(Data supplied)

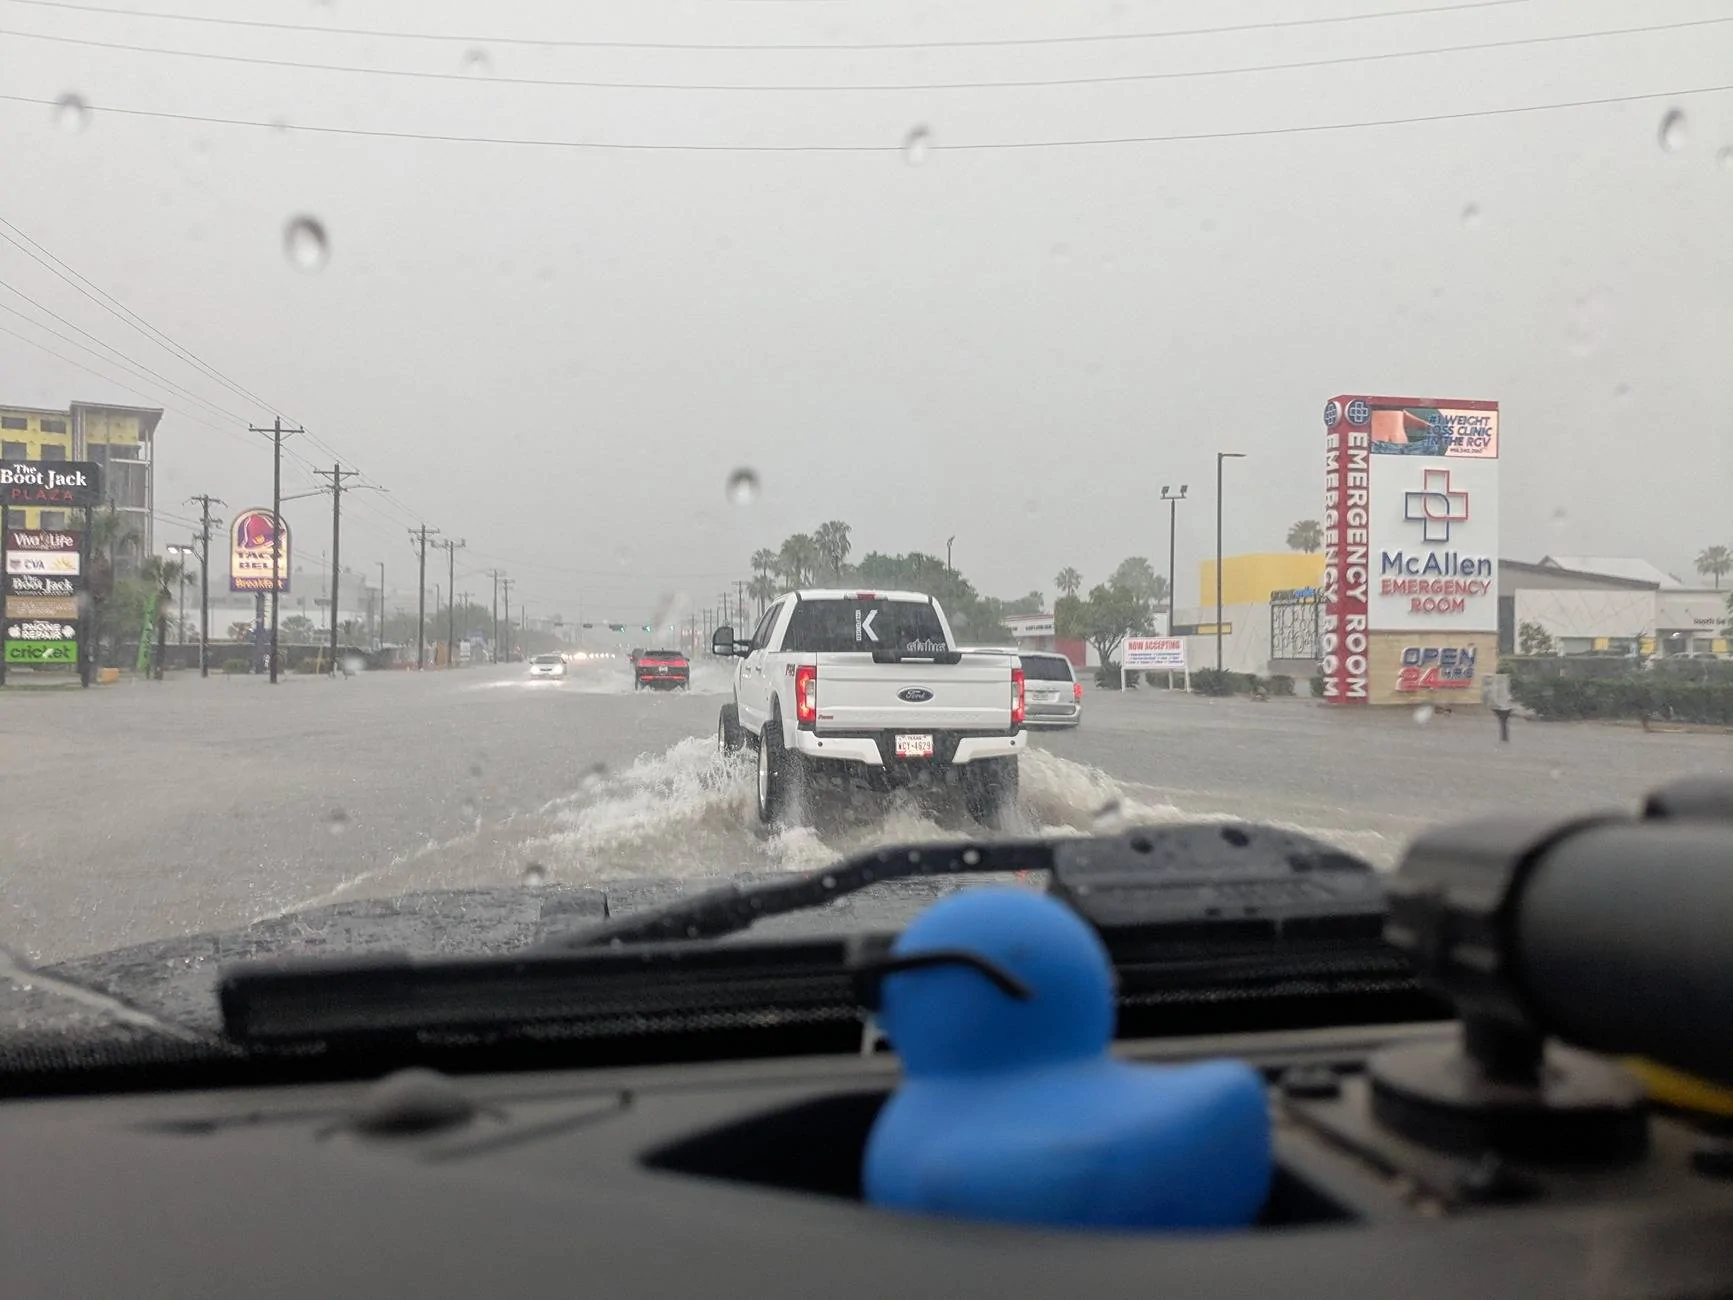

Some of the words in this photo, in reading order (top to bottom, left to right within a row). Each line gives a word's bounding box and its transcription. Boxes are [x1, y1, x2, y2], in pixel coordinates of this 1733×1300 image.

[1444, 415, 1491, 426] WEIGHT
[1457, 426, 1493, 437] CLINIC
[1443, 436, 1464, 446] THE
[1467, 437, 1492, 448] RGV
[13, 463, 37, 475] The
[0, 468, 43, 486] Boot
[44, 470, 87, 490] Jack
[11, 487, 75, 501] PLAZA
[1324, 432, 1340, 604] EMERGENCY
[1346, 431, 1368, 603] EMERGENCY
[23, 559, 46, 570] CVA
[1381, 551, 1492, 576] McAllen
[235, 577, 283, 589] Breakfat
[1380, 579, 1492, 596] EMERGENCY
[1409, 598, 1465, 613] ROOM
[1322, 614, 1340, 697] ROOM
[1345, 614, 1367, 698] ROOM
[1401, 646, 1477, 667] OPEN
[1396, 666, 1446, 692] 24
[905, 689, 926, 699] Ford
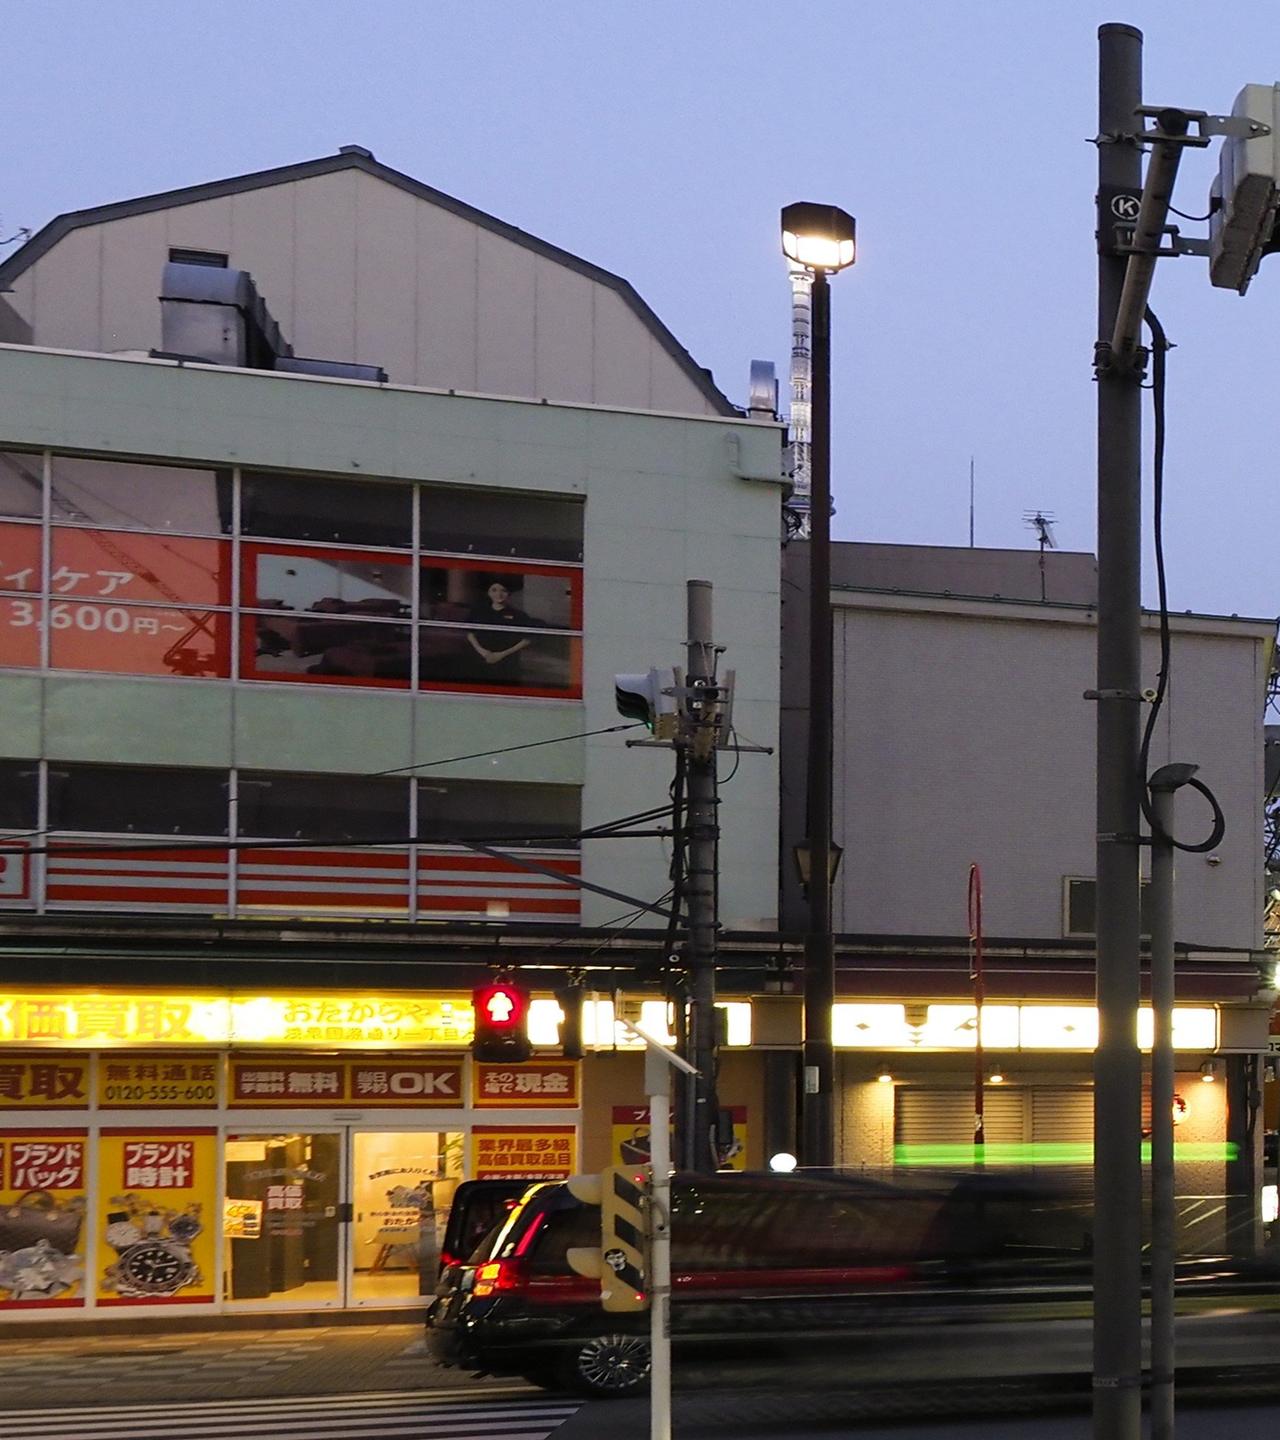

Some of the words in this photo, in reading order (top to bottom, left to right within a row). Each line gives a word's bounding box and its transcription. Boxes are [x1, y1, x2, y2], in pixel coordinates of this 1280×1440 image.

(Work request)
Go through the listing above and write it out again exactly, dropping the pictures.

(Exercise answer)
Some of the words in this photo, in reading order (top to bottom, left to right within a row). Each line gives a word's bounding box and its transcription. Boxes are [x1, y1, x2, y2], in pixel coordinates of this 1733×1300 image.

[1444, 415, 1491, 426] WEIGHT
[1457, 426, 1493, 437] CLINIC
[1443, 436, 1464, 446] THE
[1467, 437, 1492, 448] RGV
[13, 463, 37, 475] The
[0, 468, 43, 486] Boot
[44, 470, 87, 490] Jack
[11, 487, 75, 501] PLAZA
[1324, 432, 1340, 604] EMERGENCY
[1346, 431, 1368, 603] EMERGENCY
[23, 559, 46, 570] CVA
[1381, 551, 1492, 576] McAllen
[235, 577, 283, 589] Breakfat
[1380, 579, 1492, 596] EMERGENCY
[1409, 598, 1465, 613] ROOM
[1322, 614, 1340, 697] ROOM
[1345, 614, 1367, 698] ROOM
[1401, 646, 1477, 667] OPEN
[1396, 666, 1446, 692] 24
[905, 689, 926, 699] Ford

Some of the words in this photo, in reading order (top to bottom, left to right within a row). Each line gives a word's bounding box and its transcription. Boxes are [x1, y1, x2, y2], in pixel coordinates of this 1280×1440 image.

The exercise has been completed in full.